In support of this conclusion, the Court of Appeal relied on the very same indicia, hallmarks of the construction industry, that the OLRB referred to in its decision to emphasize the lack of dependency between Ramkey and Rogers, stating:
The controls Rogers had over Ramkey were no greater than any owner/client or general contractor in the construction industry might exercise over any subcontractor. Rogers only began using Ramkey’s construction technicians in 2014. It had no long-term commitment to use Ramkey’s construction technicians. It never relied exclusively on Ramkey’s construction technicians. In 2016, in the course of the hearing before the Board, Rogers “pulled back” all the construction work it had given to Ramkey’s construction technicians. Ramkey’s competitors performed the construction work Ramkey used to do for Rogers.

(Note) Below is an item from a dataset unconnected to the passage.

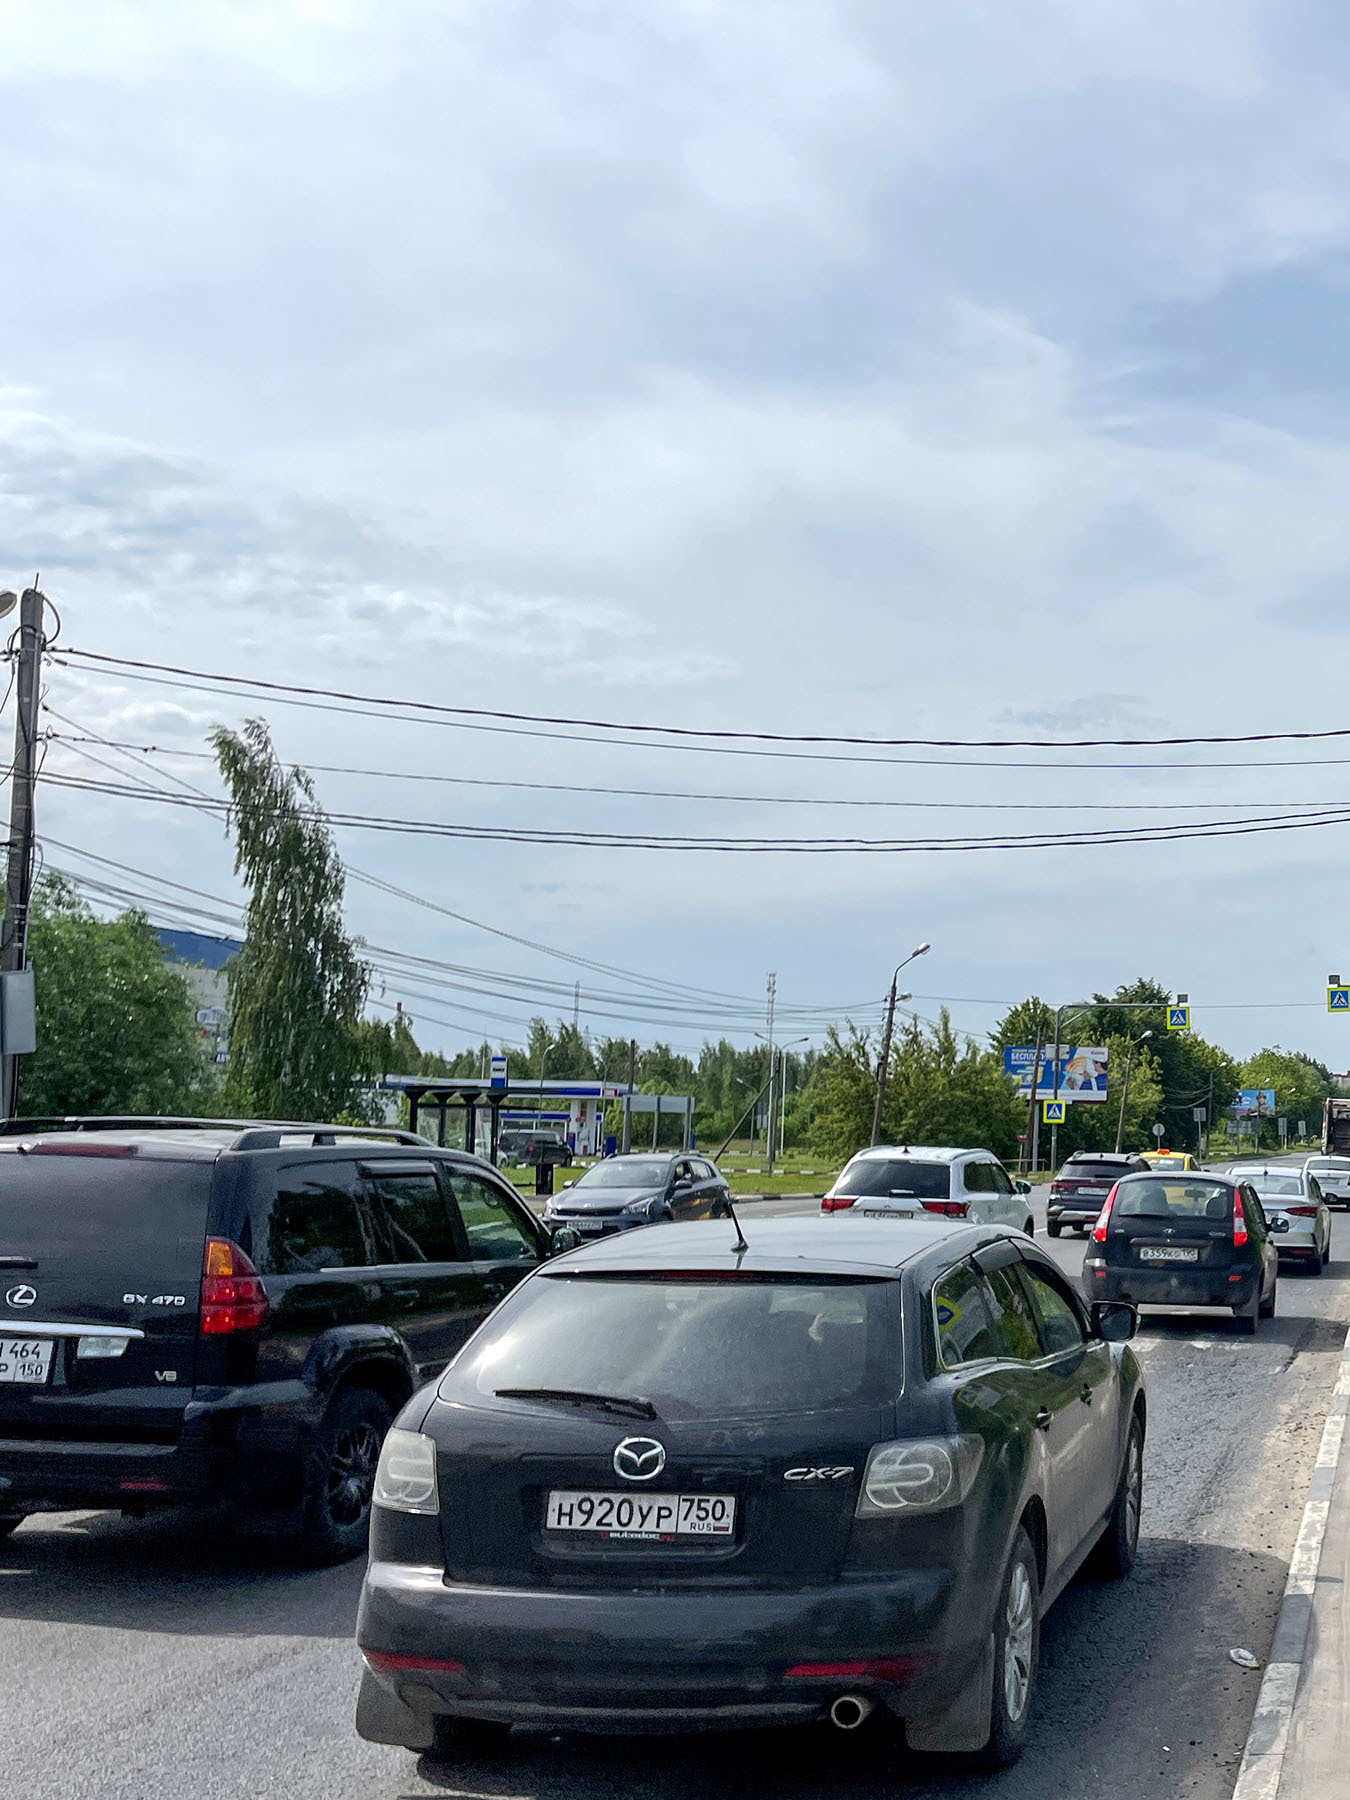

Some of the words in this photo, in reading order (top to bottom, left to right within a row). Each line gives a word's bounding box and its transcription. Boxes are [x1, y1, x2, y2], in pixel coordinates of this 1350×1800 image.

The Court of Appeal then dismissed the Divisional Court’s “functioning network” approach, stating:
Respectfully, the Divisional Court erred by considering the extent to which the delivery of telecommunications services by Rogers and other telecommunications companies like Rogers was dependent on having a functioning network line and on work of the type performed by Ramkey’s construction technicians. The proper focus is the extent to which Rogers and the other telecommunications companies, to which Ramkey’s construction technicians provided construction services, were dependent on the services of Ramkey’s construction technicians — the particular employees under scrutiny: Tessier, at para. 38.
Ultimately, the Court of Appeal found that putting into place a functioning infrastructure is distinct from the operation, or the effective performance of, a federal undertaking. The former is insufficient to displace the presumption of provincial jurisdiction – the latter may be.
The Supreme Court of Canada denied Ramkey’s leave to appeal on May 7, 2020.
This decision established a clearly articulated “dependency” test for assessing the labour relations of companies that perform work for federally regulated entities. This is a much needed and valuable development in the law.
Importantly for unions, this decision will provide clarity as to how to approach organizing non-union companies that are engage in similar work to Ramkey in the future. Given how the construction industry operates, with its bid based limited time contracts, it will be very difficult for construction companies to argue that their labour relations ought to be governed by federal law.
Finally, after 5 years and many hearings and court decisions, the employees will have a union and an automatically binding collective agreement.